「いちご白書」
昔のフォークグループ、バンバンの曲「『いちご白書』をもう一度」の「いちご白書」(The Strawberry Statement)ってどんな映画?と思っていた。
映画は観てないけど、その原作本をゲット。
1967〜68年にかけて、先進国各地で起こった、大学生を中心とした“学生運動”だが、アメリカ・NYのコロンビア大学で実際に起こった学園紛争に参加した、1948年生まれの学生(著者ジェームズ・クネン)の手記だ。
「いちご白書」とは、当時のコロンビア大学の学長が、抗議行動する学生の意見を、「彼らがいちごが好きだというのと同じくらいに重要ではない」と見下したことに由来するらしい。
近隣住民(下層階級が中心)に迷惑を及ぼす新体育館建設に反対する抗議活動や、大学学部長との大衆団交と彼の監禁、デモ、座り込み、警官との対峙に、当時の黒人公民権問題、ベトナム戦争問題、大学自治権問題が絡んで来る、一連の抗議活動に参加した学生の日常。
だけど、そんなに硬いものではない。
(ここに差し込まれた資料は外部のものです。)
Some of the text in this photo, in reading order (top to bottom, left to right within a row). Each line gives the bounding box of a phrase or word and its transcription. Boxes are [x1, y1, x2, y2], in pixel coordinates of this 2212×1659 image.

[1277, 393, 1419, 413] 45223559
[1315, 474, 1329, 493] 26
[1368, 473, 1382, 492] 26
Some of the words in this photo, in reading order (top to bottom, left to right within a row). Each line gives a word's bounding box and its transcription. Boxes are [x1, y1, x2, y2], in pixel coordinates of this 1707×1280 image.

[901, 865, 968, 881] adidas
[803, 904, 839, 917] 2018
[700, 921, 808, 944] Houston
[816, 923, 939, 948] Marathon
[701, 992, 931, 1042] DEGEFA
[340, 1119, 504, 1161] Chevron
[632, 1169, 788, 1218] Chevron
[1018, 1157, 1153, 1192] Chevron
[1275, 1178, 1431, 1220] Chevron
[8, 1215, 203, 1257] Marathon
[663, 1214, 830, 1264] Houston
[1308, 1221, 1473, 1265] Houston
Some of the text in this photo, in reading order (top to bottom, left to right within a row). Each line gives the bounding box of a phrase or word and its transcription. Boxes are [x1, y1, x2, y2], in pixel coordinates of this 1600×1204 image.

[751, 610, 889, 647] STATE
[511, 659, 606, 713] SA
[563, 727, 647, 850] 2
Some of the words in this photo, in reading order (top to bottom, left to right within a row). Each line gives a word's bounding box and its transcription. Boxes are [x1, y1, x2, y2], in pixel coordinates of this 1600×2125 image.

あくまで、自分を取り巻く理不尽なことに対する、内面における心の葛藤を中心に、口語体っぽく書いている。逆に、それだけに読みにくくはあるけど。
ガールフレンドとの日々から、鎮圧する警官への激しい怒りと彼らとの対話、突然の旅立ち、自暴自棄な行動…。
左翼党派SDS(民主社会学生同盟)が出て来たり、日本の学生運動と変わりはないね。
当時の学生を魅了した「革命」とは一体何だったのだろうか。社会を知り、理不尽さを知って、理想を持って、実際の行動に出るが、イデオロギーが先行して、運動体は分裂し、収束していく。結局、欲と金の資本主義が勝利する。
個人のうちで意味や意義を見出すこともあるとは思うけど。この世代も、戦争体験者と同じように、この世界から去りつつある。
著者がいう。「国家が数十万人を、なんの理由もなく殺すことが受け入れられるならば、個人が、十分の理由のためにひとりの人間を殺すことはかまわない」…。